Полная версия
Fateful
CLAUDIA GRAY
Fateful
Contents
Cover
Title Page
Chapter 1
Chapter 2
Chapter 3
Chapter 4
Chapter 5
Chapter 6
Chapter 7
Chapter 8
Chapter 9
Chapter 10
Chapter 11
Chapter 12
Chapter 13
Chapter 14
Chapter 15
Chapter 16
Chapter 17
Chapter 18
Chapter 19
Chapter 20
Chapter 21
Chapter 22
Chapter 23
Chapter 24
Chapter 25
Chapter 26
Chapter 27
Chapter 28
Chapter 29
Chapter 30
Author’s Notes
About the Author
Also by Claudia Gray
Credits
Copyright
About the Publisher
Chapter 1
APRIL 9, 1912
It’s not too late to turn back, I tell myself.
As a group of sailors leer at me, I cross my arms in front and wish my coat weren’t so shabby. Though the spring days are warm now, the nights are cool, and the sea-sharpened wind cuts through thin cloth.
The streets of Southampton darken as the hour grows late, not that I can see the sun or anything so cheery with all these tall buildings surrounding me. My feet, accustomed to either the dirt roads of my home village or the polished floors of Moorcliffe, stumble on the cobblestones. I like to think of myself as a steady sort of girl, but the unfamiliarity of everyone and everything around me has put me off balance. The city seems dangerous, and dusk here seems more forbidding than midnight at home.

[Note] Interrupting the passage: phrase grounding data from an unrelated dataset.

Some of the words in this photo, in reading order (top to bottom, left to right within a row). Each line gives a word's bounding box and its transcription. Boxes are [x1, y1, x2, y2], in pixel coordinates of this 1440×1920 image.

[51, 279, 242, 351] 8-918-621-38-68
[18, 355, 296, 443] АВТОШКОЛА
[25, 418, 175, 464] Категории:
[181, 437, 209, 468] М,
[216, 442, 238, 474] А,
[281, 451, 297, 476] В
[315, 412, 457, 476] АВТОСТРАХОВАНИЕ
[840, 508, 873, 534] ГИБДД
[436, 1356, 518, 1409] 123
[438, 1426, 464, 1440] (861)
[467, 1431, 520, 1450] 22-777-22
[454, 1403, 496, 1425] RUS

I could go back to the hotel suite, where my employers await. I could just say that the shop was closed, that I wasn’t able to purchase the bootlaces. Miss Irene wouldn’t mind a bit; she didn’t want to send me out on my own in the first place.
But Lady Regina would be furious—even over something as trivial as my not being able to purchase extra bootlaces for the trip. Lady Regina’s fury would spill over into Mrs. Horne’s punishment. I’m afraid of being out in a city on my own, but I’m more afraid of getting sacked before I reach America.

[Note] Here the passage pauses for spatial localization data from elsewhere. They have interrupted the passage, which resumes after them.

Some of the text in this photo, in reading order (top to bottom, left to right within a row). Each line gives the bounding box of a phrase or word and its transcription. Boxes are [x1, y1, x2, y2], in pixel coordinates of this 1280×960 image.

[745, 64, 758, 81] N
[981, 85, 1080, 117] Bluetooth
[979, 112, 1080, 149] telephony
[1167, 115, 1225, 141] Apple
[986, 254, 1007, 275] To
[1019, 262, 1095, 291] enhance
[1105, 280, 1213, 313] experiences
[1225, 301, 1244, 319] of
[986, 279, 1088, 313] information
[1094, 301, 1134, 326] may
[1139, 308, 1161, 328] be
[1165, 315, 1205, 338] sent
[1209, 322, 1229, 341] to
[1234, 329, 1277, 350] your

So I square my shoulders and hurry along the road. My servant’s dress, long and black, complete with white apron and puffy linen cap, marks me as lower class and insignificant. But it also says that I am employed by a household wealthy enough to have servants run the errands. Maybe that keeps me safe. The men around me know that I work for people of quality, and that if anything were to happen to me, those people might be upset and demand justice.
Luckily, these men don’t know Lady Regina. Her only reaction to my death would be annoyance at having to find another maid who could fit in the same uniforms, so she wouldn’t have to pay for new ones.
Something dark swoops overhead—a seagull, I think, and I lift one hand above my head to ward it off. I never saw a gull before this afternoon, and already I’ve come to despise the loud, greedy things.
But it’s not a seagull. I don’t get a very good look at it, fast as it goes by, but I see the sharp angles of the wings, the quick flutter. It’s a bat, I think. Even worse. That reminds me of the gothic novels I’ve sneaked peeks at in the Lisle family library—Frankenstein and Dracula and Udolpho, all the scary ones that were so much fun to read in a warm, well-lit room but seem far too plausible when I’m alone as darkness falls.
I wouldn’t have expected to see a bat flying through the streets of Southampton, but then, what do I know of the world beyond Moorcliffe and my home village? Only once before in my life have I ever been anywhere else—and that but for a day, just because Daisy needed me very badly.
And now I am planning a greater journey yet—
You mustn’t think of such things right now. You can worry about all that after you get on the ship.
After it’s too late to turn back.
Resolutely I continue on my path toward the shop. The sailors thin out a bit, though the streets still seem crowded to me. I know I’ve got to get used to it, because we’re traveling to New York City, which I understand makes Southampton look like a small town.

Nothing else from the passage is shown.